What you have to do: Each entry is to be repeated word for word, and the images are to be dropped.

-------- Data records --------

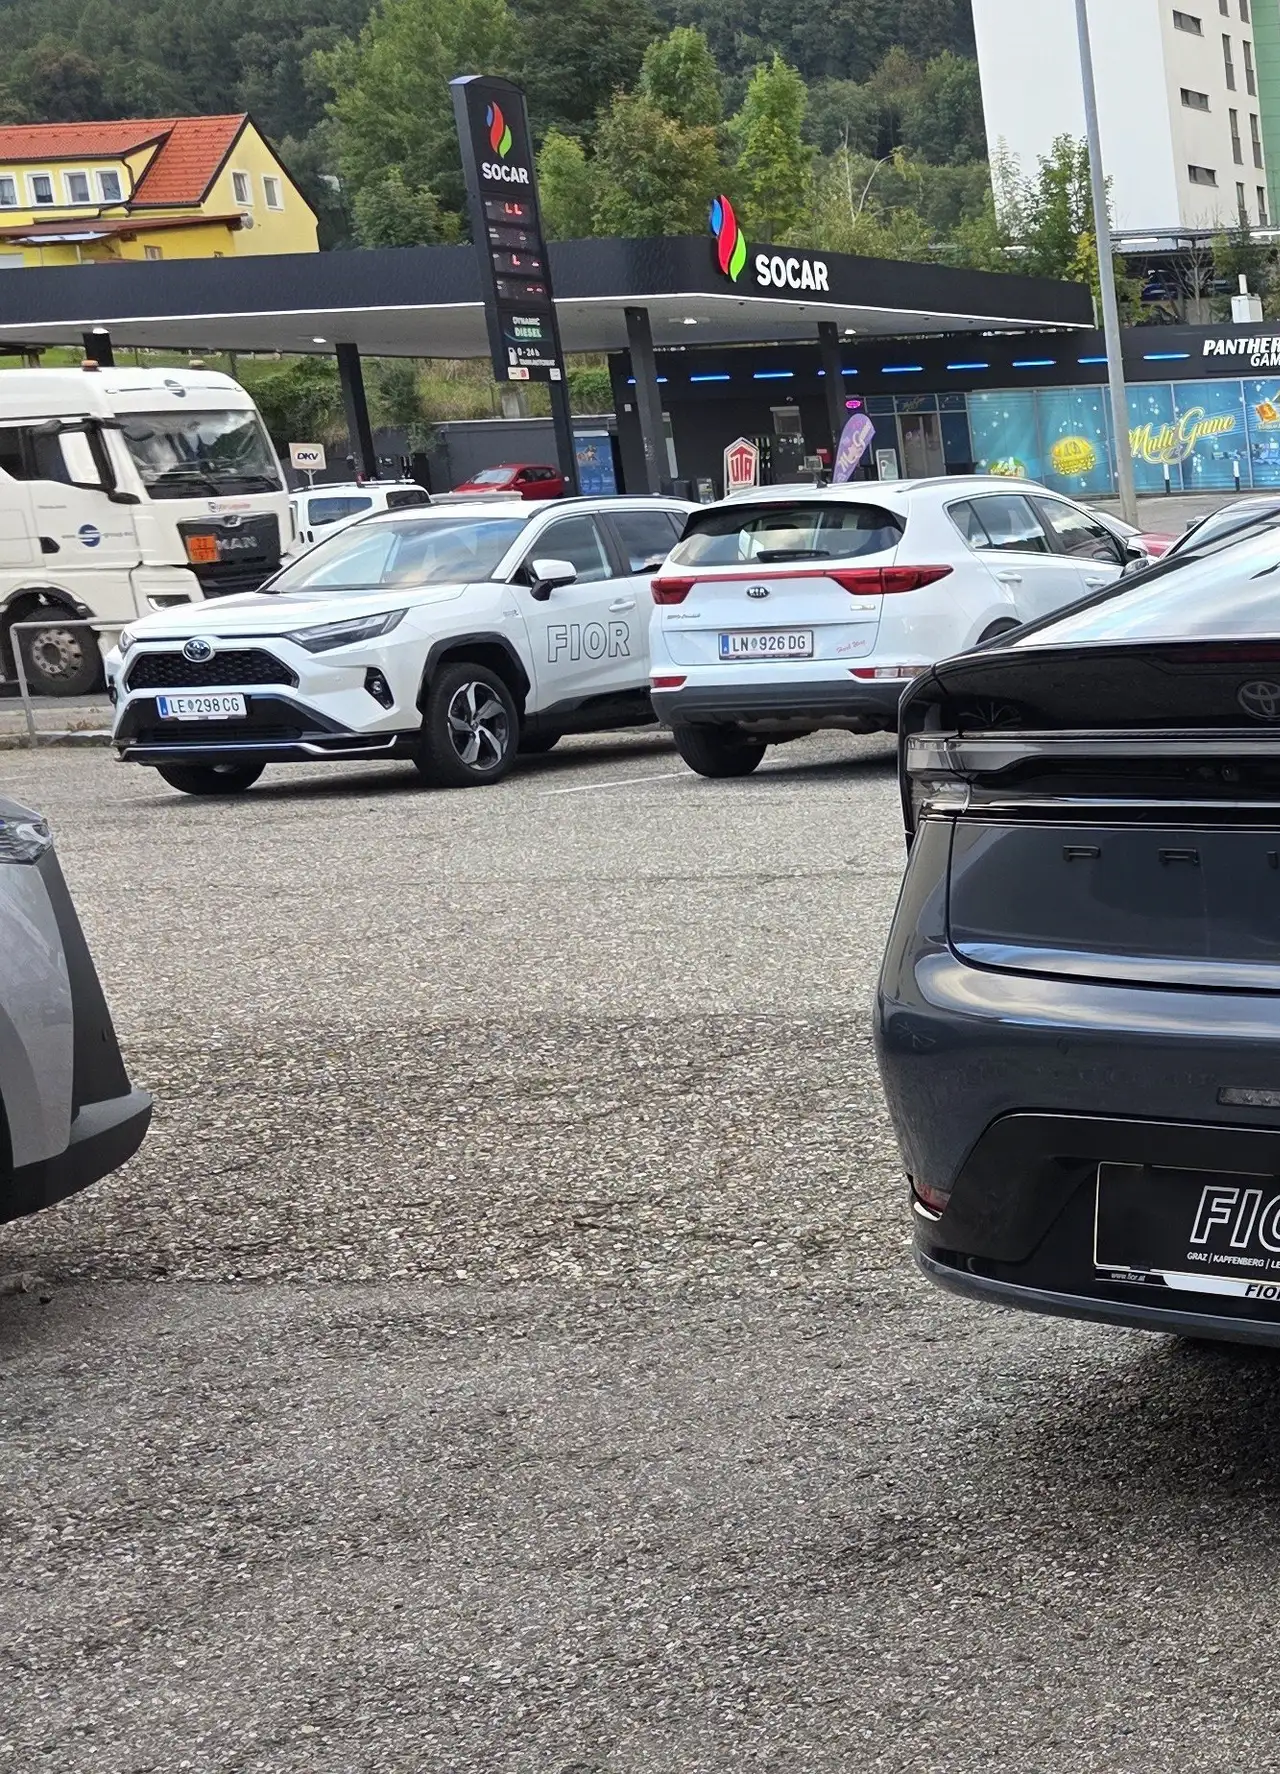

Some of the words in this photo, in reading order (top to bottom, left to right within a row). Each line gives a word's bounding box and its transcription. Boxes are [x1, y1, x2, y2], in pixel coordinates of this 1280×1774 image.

[481, 162, 530, 184] SOCAR
[755, 253, 830, 292] SOCAR
[514, 327, 542, 338] DIESEL
[1128, 421, 1177, 462] Multi
[1170, 405, 1236, 464] Game
[297, 452, 319, 461] DKV
[728, 446, 755, 485] UTA
[214, 536, 258, 550] MAN
[750, 588, 766, 596] KIA
[547, 620, 630, 663] FIOR
[732, 637, 749, 652] LN
[759, 636, 786, 650] 926
[788, 635, 806, 650] DG
[169, 699, 187, 714] LE
[194, 698, 221, 713] 298
[222, 697, 240, 712] CG
[1186, 1252, 1209, 1262] GRAZ
[1212, 1254, 1265, 1268] KAPFENBERG
[1110, 1272, 1146, 1282] www.fior.at

--------

Answer to the exercise:
Some of the words in this photo, in reading order (top to bottom, left to right within a row). Each line gives a word's bounding box and its transcription. Boxes are [x1, y1, x2, y2], in pixel coordinates of this 1280×1774 image.

[481, 162, 530, 184] SOCAR
[755, 253, 830, 292] SOCAR
[514, 327, 542, 338] DIESEL
[1128, 421, 1177, 462] Multi
[1170, 405, 1236, 464] Game
[297, 452, 319, 461] DKV
[728, 446, 755, 485] UTA
[214, 536, 258, 550] MAN
[750, 588, 766, 596] KIA
[547, 620, 630, 663] FIOR
[732, 637, 749, 652] LN
[759, 636, 786, 650] 926
[788, 635, 806, 650] DG
[169, 699, 187, 714] LE
[194, 698, 221, 713] 298
[222, 697, 240, 712] CG
[1186, 1252, 1209, 1262] GRAZ
[1212, 1254, 1265, 1268] KAPFENBERG
[1110, 1272, 1146, 1282] www.fior.at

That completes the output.